Thank you for the responses. What I gather is that the leading consensus is that I should break up with my current boyfriend because of the stress my ex is causing me?

 

Things were on a stable footing with ex before I even thought about starting up another relationships.

 

Ex is also unpredictable and yet again stirred up drama. Probably will always try to create it. Should I resign myself to a life of not dating anyone?

 

The anxiety attack was caused by my ex's email. He is forcing me to go to court.

 

I'm falling in love with my new boyfriend. Did I mention how great he is? So no, I don't want to break up, but I agree it is just not fair that another person has to deal with this.

Posted

Kim,

 

I'm so inclined to reply because I'm currently in a very similar scenario as what you find yourself in. The only advice I can give is for you to slow the new relationship down if unresolved feelings linger from your former relationship.
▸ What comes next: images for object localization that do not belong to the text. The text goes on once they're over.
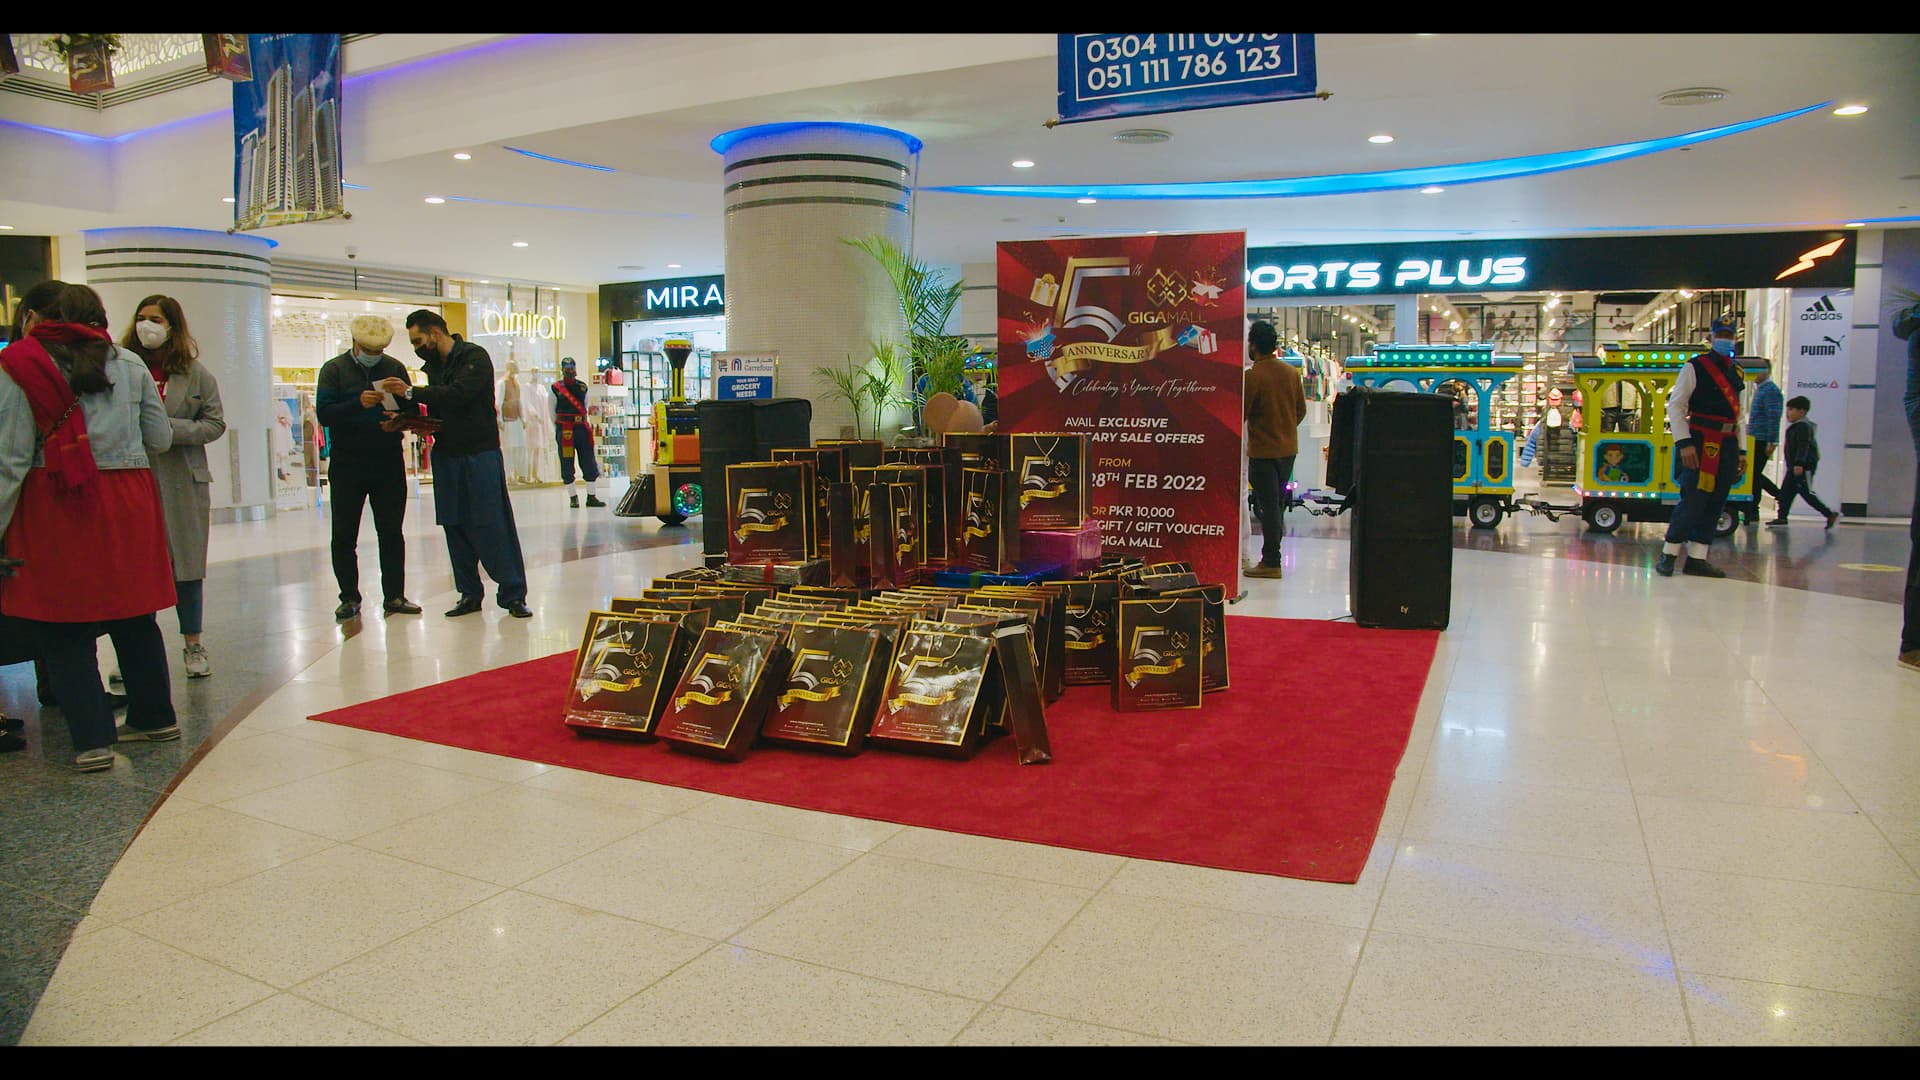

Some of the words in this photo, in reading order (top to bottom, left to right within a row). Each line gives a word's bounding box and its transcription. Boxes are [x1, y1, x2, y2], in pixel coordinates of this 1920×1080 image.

[1087, 34, 1157, 63] 0304
[1168, 33, 1195, 53] 111
[1087, 64, 1132, 91] 051
[1140, 59, 1170, 84] 111
[1177, 51, 1228, 80] 786
[1236, 45, 1281, 73] 123
[1245, 261, 1382, 291] ORTS
[1394, 256, 1528, 286] PLUS
[646, 283, 724, 310] MIRA
[483, 304, 567, 340] almirah
[1801, 311, 1842, 321] adidas
[1066, 343, 1153, 361] ANNIVERSARY
[1801, 345, 1835, 356] PUMA
[1072, 378, 1120, 397] Celebrating
[1797, 380, 1828, 389] Reebok
[1065, 417, 1095, 428] AVAIL
[1098, 418, 1169, 428] EXCLUSIVE
[1120, 433, 1152, 443] SALE
[1155, 434, 1205, 445] OFFERS
[1098, 458, 1132, 468] FROM
[1125, 474, 1158, 490] FEB
[1162, 475, 1206, 491] 2022
[1109, 506, 1132, 516] PKR
[1136, 506, 1175, 519] 10,000
[1135, 522, 1163, 534] GIFT
[1165, 523, 1225, 536] VOUCHER
[1129, 537, 1163, 549] MALL
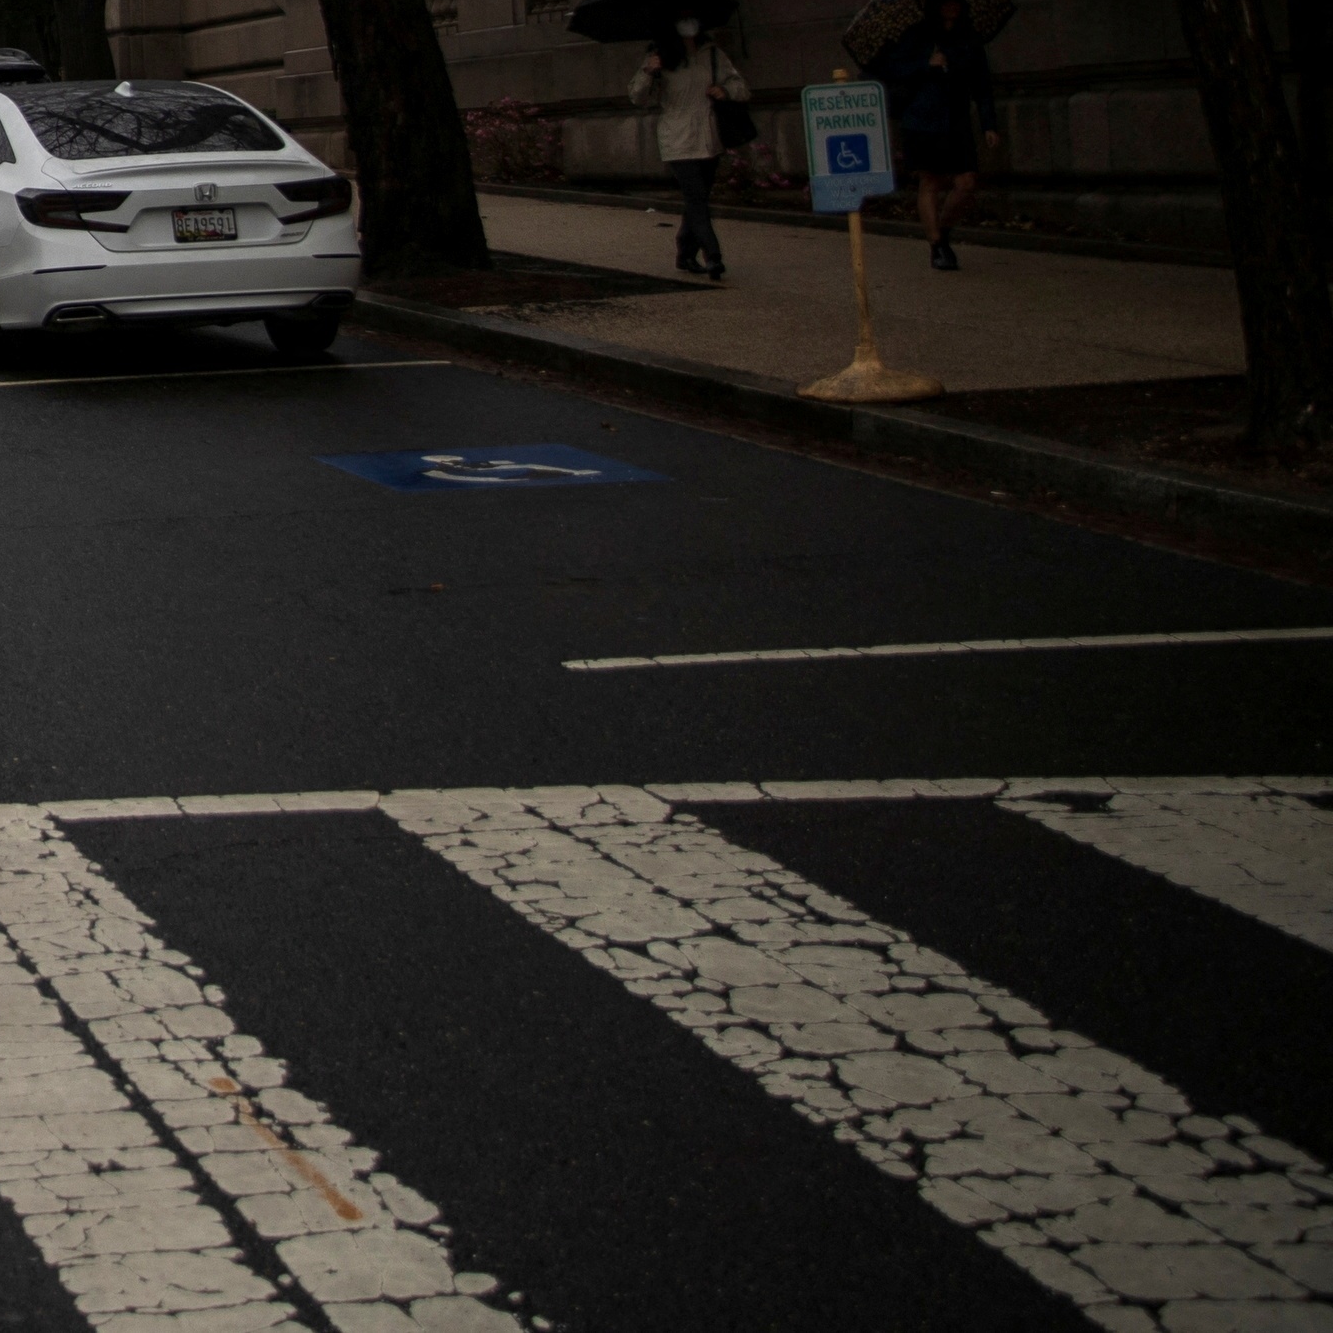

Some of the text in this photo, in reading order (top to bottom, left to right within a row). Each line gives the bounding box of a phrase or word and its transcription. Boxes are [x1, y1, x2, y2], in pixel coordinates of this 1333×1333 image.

[809, 94, 878, 111] RESERVED
[816, 113, 876, 130] PARKING
[176, 216, 231, 235] 8EA9591
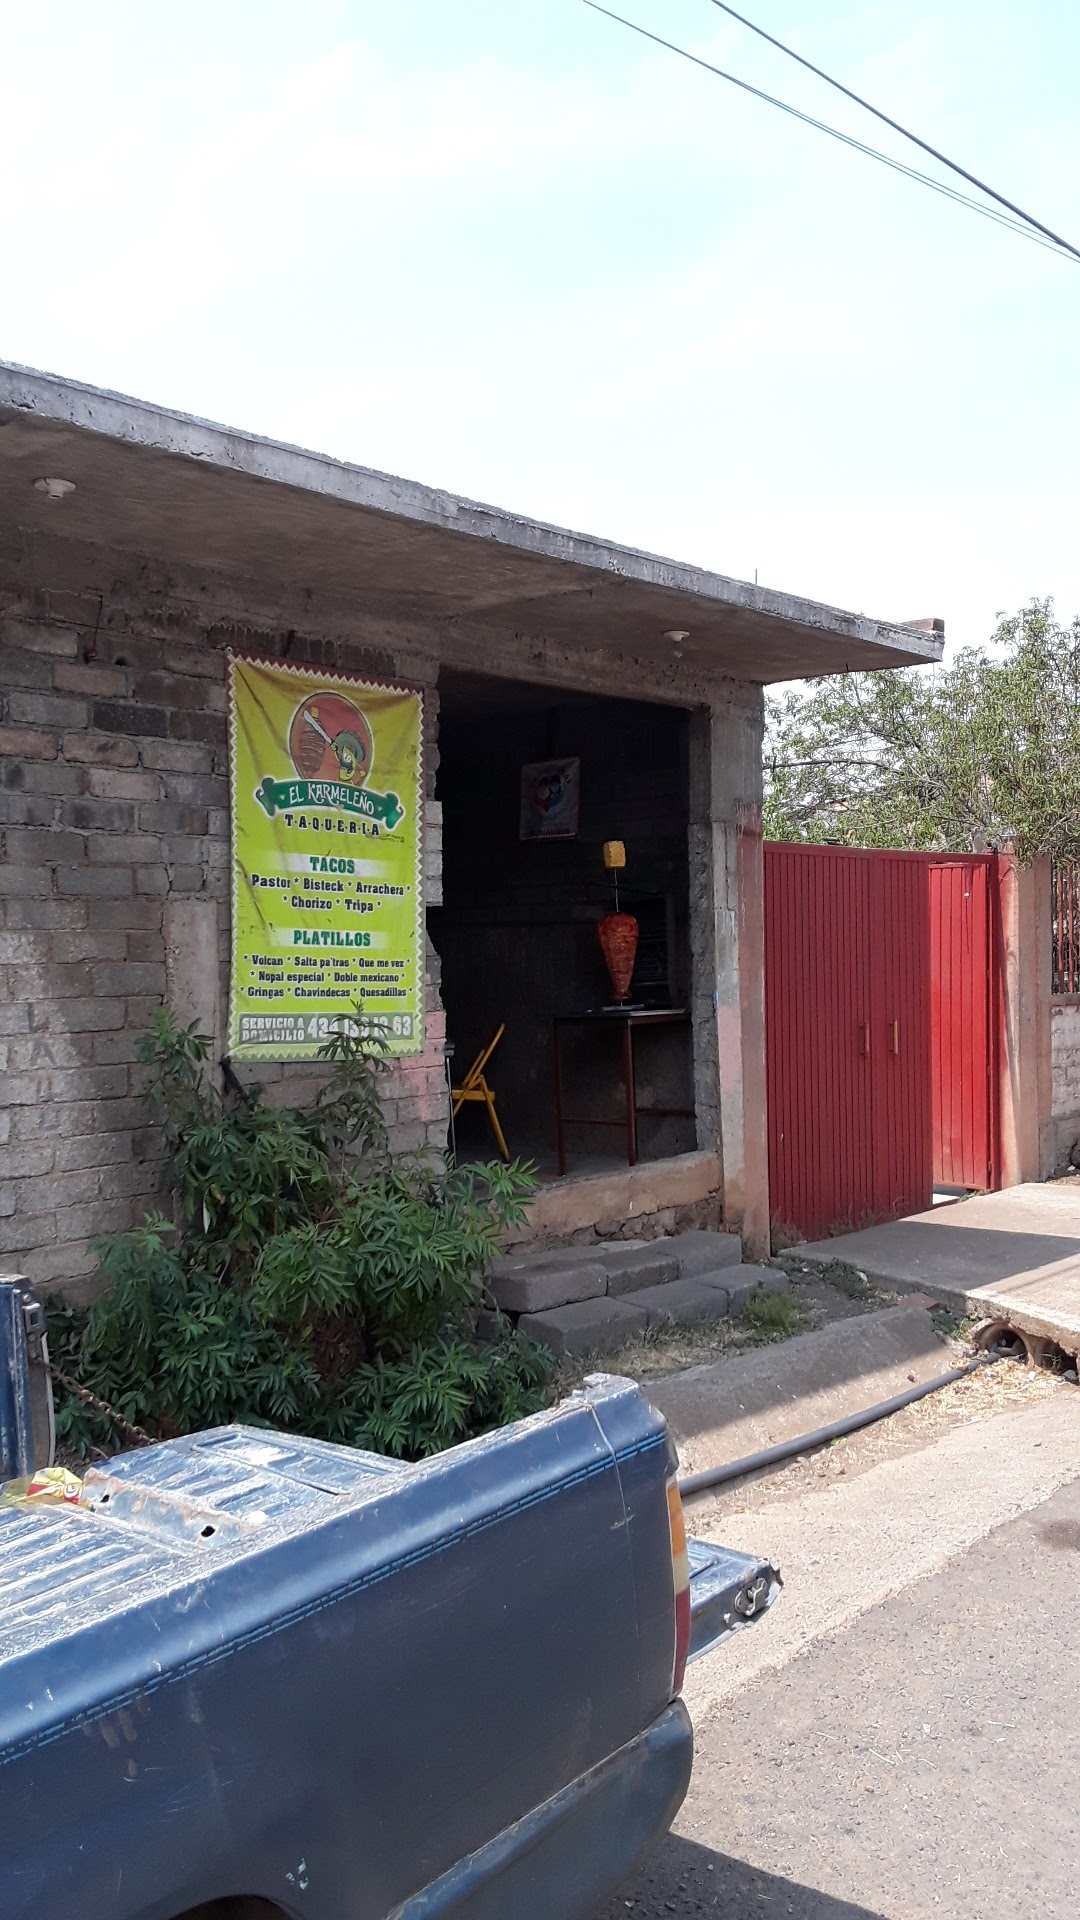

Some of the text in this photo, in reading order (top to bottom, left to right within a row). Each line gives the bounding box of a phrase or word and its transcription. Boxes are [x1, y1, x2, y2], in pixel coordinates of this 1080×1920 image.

[289, 782, 374, 815] EL KARMELEÑO
[309, 856, 355, 874] TACOS
[251, 874, 404, 896] Pastor Bisteck Arrachera
[291, 895, 374, 914] Chorizo Tripa
[293, 930, 371, 947] PLATILLOS
[251, 955, 284, 966] Volcan
[294, 956, 318, 967] Salta
[358, 958, 375, 968] Que
[377, 959, 389, 967] me
[391, 960, 405, 968] vez
[258, 971, 399, 984] Nopal especial Doble mexicano
[247, 987, 407, 999] Gringas Chavindecas Quesadillas
[242, 1017, 305, 1029] SERVICIO A
[392, 1015, 412, 1036] 63
Only you know the answer to that question.

 

My (very recently) ex-girlfriend and I began a relationship under circumstances much like your own. Initially it was great as she needed help/support and I was there to provide it. I marveled at her strength and she was so appreciative that I was there to support her. Once we were in the clear problems began to pop up for us. She had a great deal of unresolved anger, loss of love, loss of family, abandonment issues that projected onto our relationship. I also had my own fair share of baggage that sprouted up once the problems began as well. In the end we became a co-dependant mess. We had fought through so many battles outside of our relationship that we ended up being too tired to fight the ones inside that came later.

 

I'm in no way saying that this is what you are headed for. I'm only relaying this as my own experience. You know what is in your head and in your heart. If you know moving ahead is what the focus needs to be then make it reality and not look back. If not, there is no harm in moving slow to make sure your compass is pointed where it should be.